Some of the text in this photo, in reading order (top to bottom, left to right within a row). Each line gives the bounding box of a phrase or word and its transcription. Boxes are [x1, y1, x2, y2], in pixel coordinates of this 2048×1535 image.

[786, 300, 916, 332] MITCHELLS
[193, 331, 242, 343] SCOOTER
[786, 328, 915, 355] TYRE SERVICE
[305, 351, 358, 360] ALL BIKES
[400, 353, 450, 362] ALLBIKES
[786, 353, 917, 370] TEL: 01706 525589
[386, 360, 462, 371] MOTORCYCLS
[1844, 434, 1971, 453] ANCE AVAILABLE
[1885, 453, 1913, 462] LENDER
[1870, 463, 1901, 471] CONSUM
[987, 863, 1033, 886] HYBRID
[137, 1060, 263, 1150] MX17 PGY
········
• Problem details: Write the records out again, character for character.

• Exercise response:
Some of the text in this photo, in reading order (top to bottom, left to right within a row). Each line gives the bounding box of a phrase or word and its transcription. Boxes are [x1, y1, x2, y2], in pixel coordinates of this 2048×1535 image.

[786, 300, 916, 332] MITCHELLS
[193, 331, 242, 343] SCOOTER
[786, 328, 915, 355] TYRE SERVICE
[305, 351, 358, 360] ALL BIKES
[400, 353, 450, 362] ALLBIKES
[786, 353, 917, 370] TEL: 01706 525589
[386, 360, 462, 371] MOTORCYCLS
[1844, 434, 1971, 453] ANCE AVAILABLE
[1885, 453, 1913, 462] LENDER
[1870, 463, 1901, 471] CONSUM
[987, 863, 1033, 886] HYBRID
[137, 1060, 263, 1150] MX17 PGY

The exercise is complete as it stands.